This award addresses geometric optimization problems from three areas: shape fitting, image segmentation, and geometric versions of combinatorial optimization problems like set cover. The PIs will examine new problems that have been unearthed by recent work, and will also attack some old problems that have thus far eluded satisfactory solutions.
The shape fitting problem is one of finding the best shape that fits a given set of points from an implicitly given family of shapes. A well known example is: given a set of points in the plane, find the best line that fits them. The PIs will examine questions connected with the development of approximation algorithms for such problems with near-linear running time. In a typical instance of the geometric set cover problem, we are given a set of points and a set of disks in the plane, and we wish to find the smallest subset of the disks that covers all the points. In this example, we want to cover with disks, but in other instances we want to cover with triangles, rectangles, or some other shape. Such algorithmic problems are typically NP-hard, and the PIs aim to develop improved approximation algorithms. One approach to the image segmentation problem views the image as a weighted graph and seeks to find the subset of nodes in the graph with maximum weight, subject to a shape constraint such as one that requires the subset to be ``star-shaped''. Here the PIs are interested in exact algorithms with polynomial running time.

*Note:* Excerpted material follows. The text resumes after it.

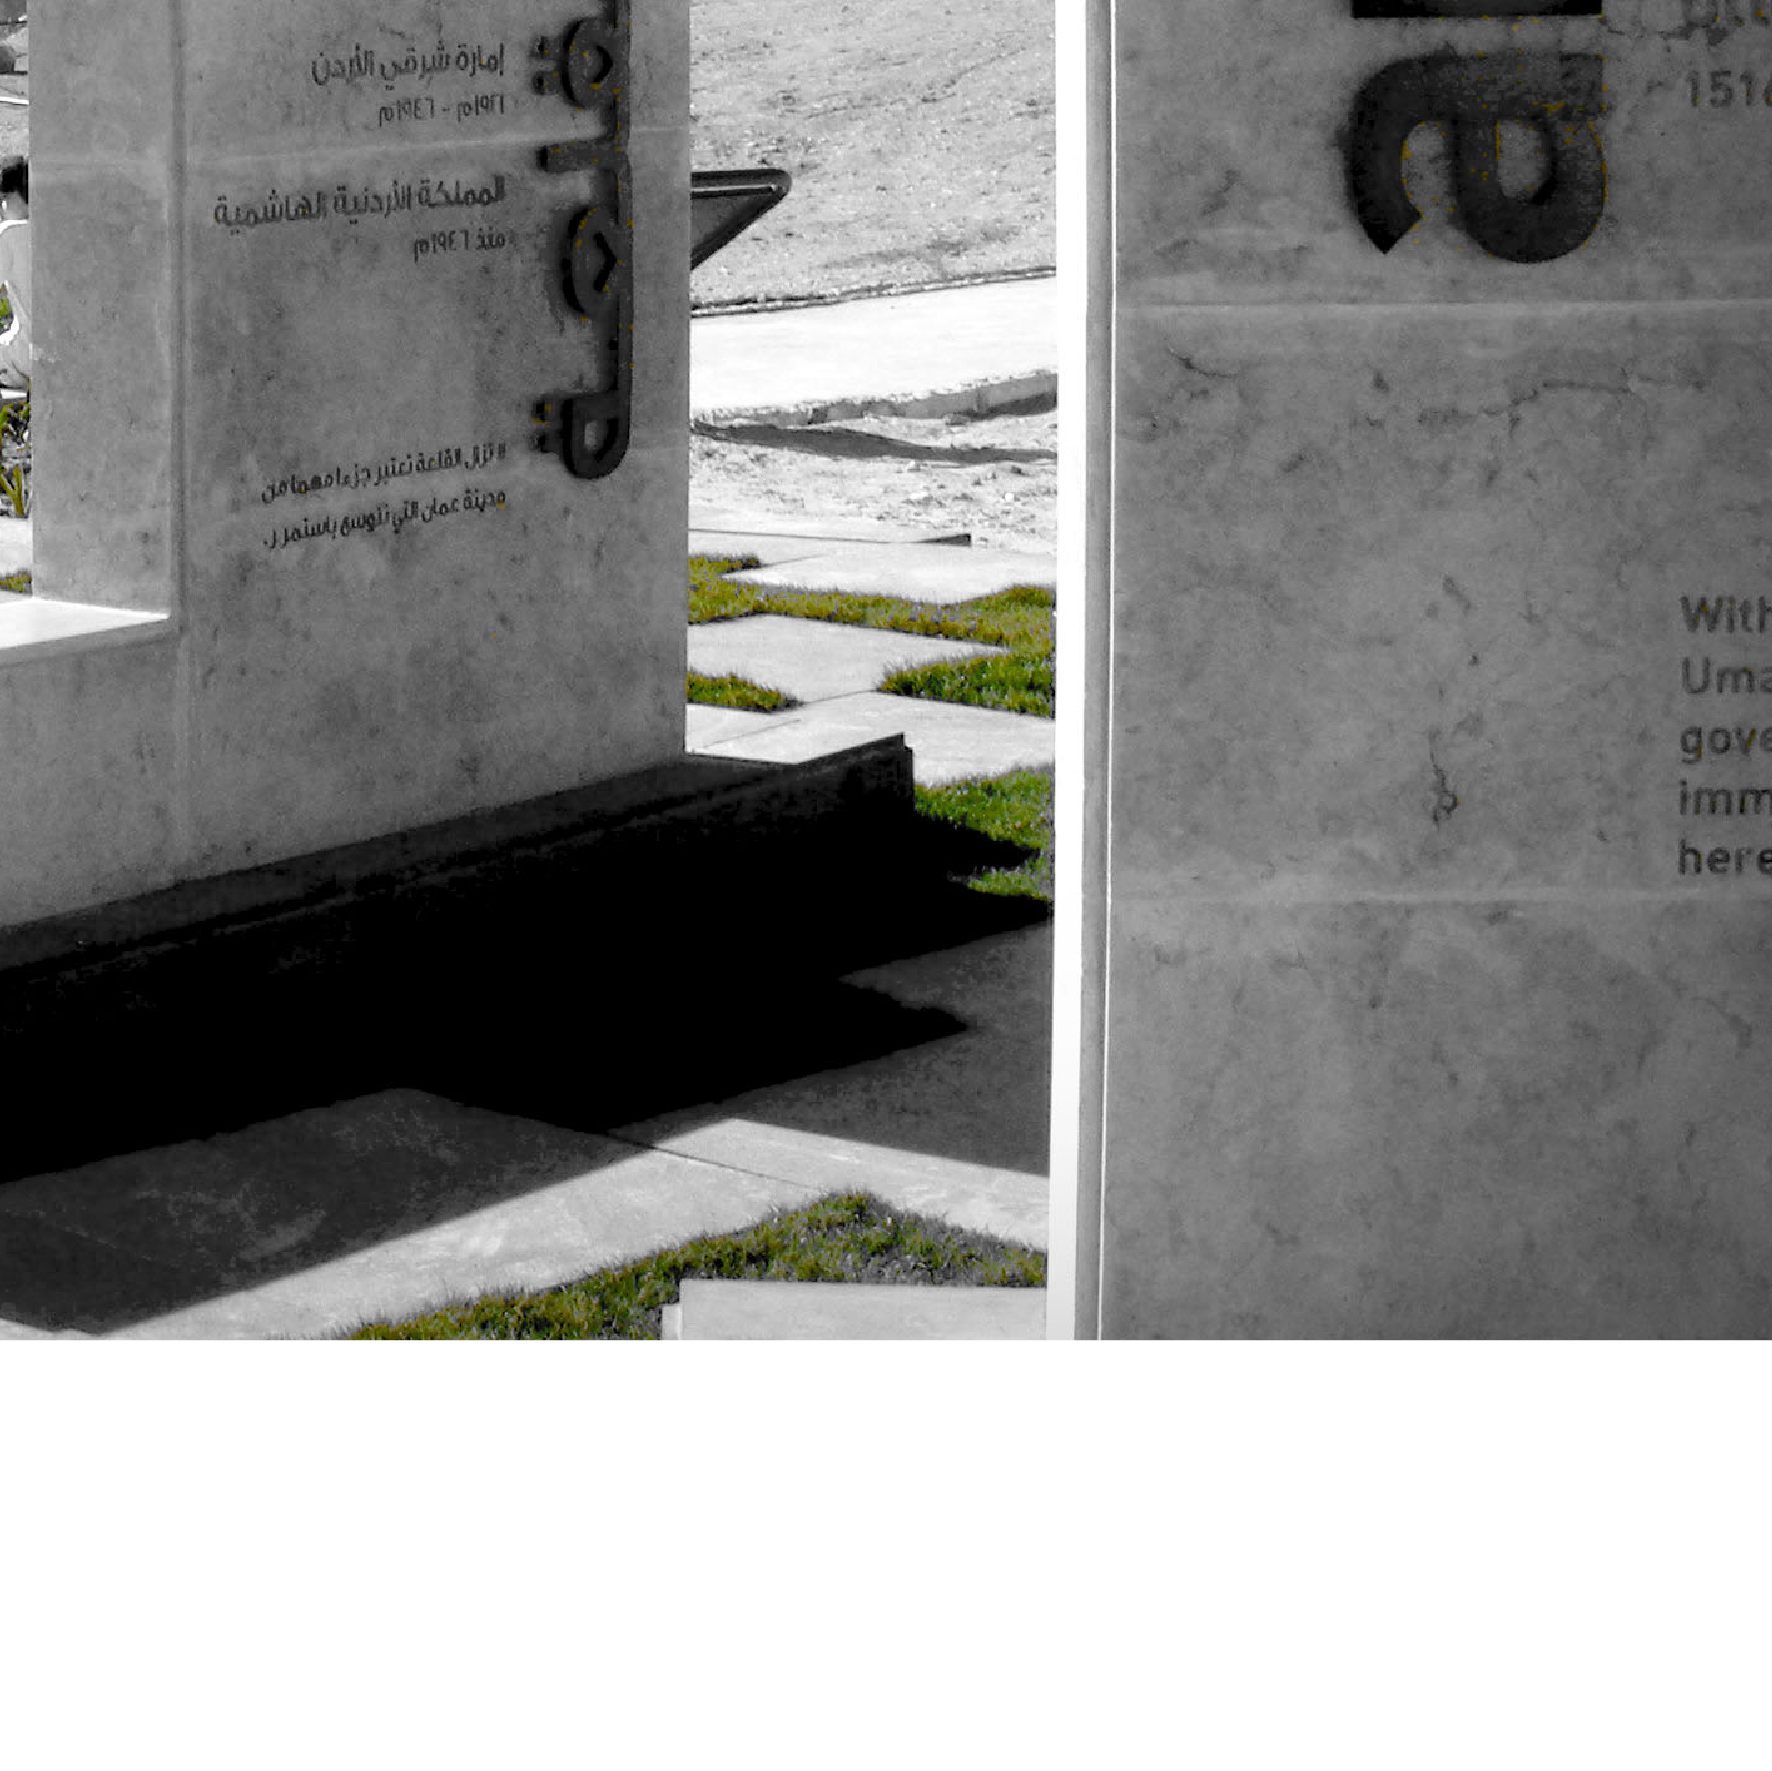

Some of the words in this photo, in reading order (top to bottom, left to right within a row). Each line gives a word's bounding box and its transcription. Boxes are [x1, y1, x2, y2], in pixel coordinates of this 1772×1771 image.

[381, 41, 451, 90] شرقي
[214, 189, 327, 235] الهاشمية
[419, 175, 505, 209] المملكة

Consider the problems of (a) clustering or identifying the linear trend in data; (b) cheapest placement of sensors to monitor a given region; and (c) automatically identifying the lung portion of a medical image of a lung. The research that this award supports views computer programs for these problems as algorithms for geometric optimization, where we want to maximize a certain quantity subject to several constraints. The research investigates the existence of fast algorithms for such optimization problems. Progress on the problems studied will enhance core knowledge within Computational Geometry, and expand the reach of a graph theoretic approach to medical image analysis.
The proposed work is a rich training ground for PhD students who will be exposed not only to theoretical computational geometry but also to some of its applications. The students will also be enriched in a broader way by graduate courses on approximation algorithms, computational geometry, and applications.